Nearer the river, in the flat country beyond the Tower, Naval works took over from Military ones: shipyards messy with blond timber from Scotland or Massachusetts, splattered planks drawing themselves up into the curved hulls of ships, dead firs resurrected as masts. Colossal plumes of black smoke spreading downwind, pointing to Comstock-forges where tons of iron were being melted down and poured into subterranean cannon-molds, and windmill-blades rolling on the horizon, turning the gear-trains of mighty Comstock-machines that bored holes down the centers of those cannons.

Which brought Daniel’s gaze back to the Tower, where he’d started: the central mystery, where treasure-ships from (as everyone in London now knew) France brought in the gold to be minted into the guineas that paid for all of those ships and cannons, and for the services of England in its new role as a sort of naval auxiliary to France.

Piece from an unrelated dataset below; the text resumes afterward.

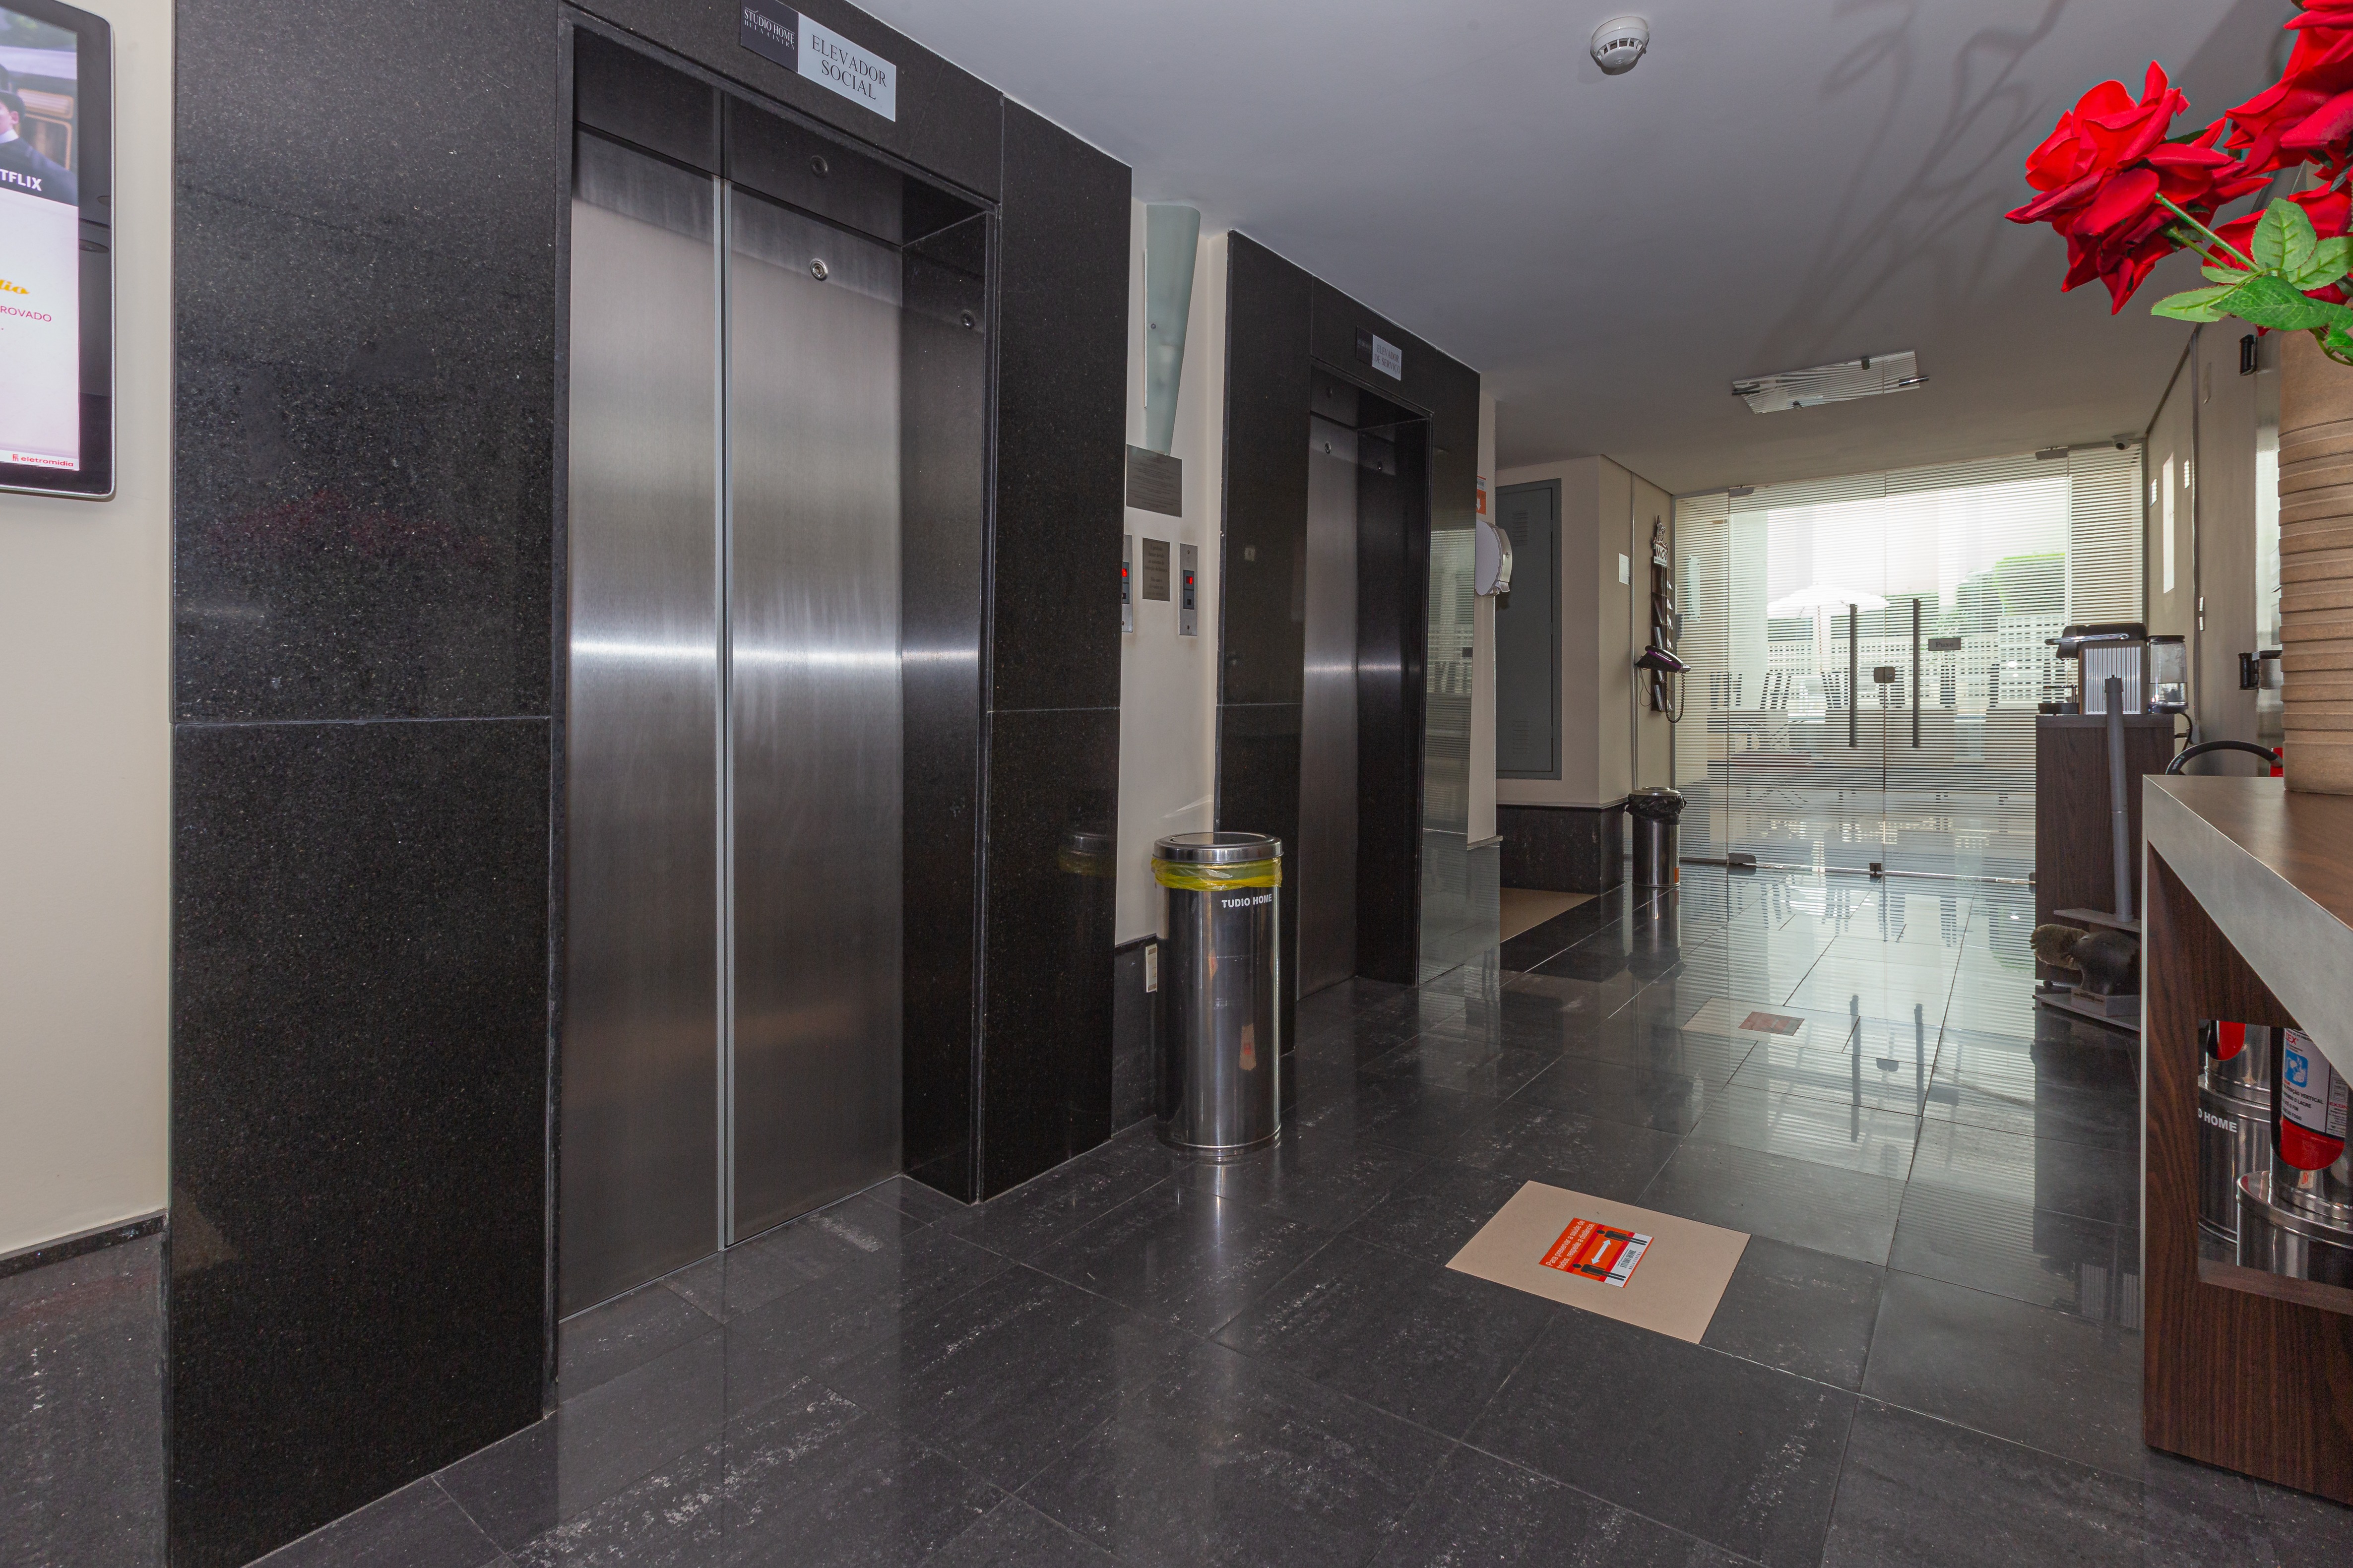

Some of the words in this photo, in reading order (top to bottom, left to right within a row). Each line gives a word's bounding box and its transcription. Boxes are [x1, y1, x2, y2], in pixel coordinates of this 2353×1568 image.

ONE DAY, HEARING CHURCH-BELLS RINGtwo o’clock, Daniel descended the ladder through the telescope-shaft. Hooke had gone out to inspect some new pavement, leaving behind nothing but a faint metallic scent of vomit. Daniel walked directly across the street, dodging uncouth traffic of heavy carts. He climbed into Samuel Pepys’s carriage and made himself comfortable. Several minutes passed. Daniel looked at passers-by out the window. A hundred yards south, the streets would be a-bustle with brokers of East India stocks and goldsmiths’ notes, but this place, tucked up against London wall, was a queer eddy, or backwater, and Daniel observed a jumble of Navy men, Dissident preachers, Royal Society hangers-on, foreigners, and Vagabonds, stirring and shuffling about one another in no steady pattern. It was an inscrutable Gordian knot suddenly cleft by one Chase Scene: a scruffy barefoot boy came bolting up Broad Street, pursued by a bailiff with a cudgel. Glimpsing a side street that ran off to the left, between the Navy Treasury and the Dutch Church, the boy skidded round the corner-paused-considered matters-and freed himself of a burden by heaving a pale brick into the air. It sheared apart, the wind caught it, and it puffed into a cloud of fluttering rectangles, whirling mysteriously round their long axes. By the time Daniel or anyone else thought to look for him, the boy was gone. The bailiff shifted to a straddling gait, as if riding an invisible pony, and began trying to step on all of the libels at once, gathering them in his arms, stuffing them into his pockets. Several members of the Watch stormed up and exchanged monosyllabic gasping noises with the bailiff. They all turned and glared at the facade of the Dutch Church, then went back to rounding up handbills.

Samuel Pepys was preceded by his cologne and his wig, and pursued by a minion embracing a sheaf of giant rolled documents. “I thought it well played, on the boy’s part,” he said, climbing into the coach and handing Daniel one of the libels.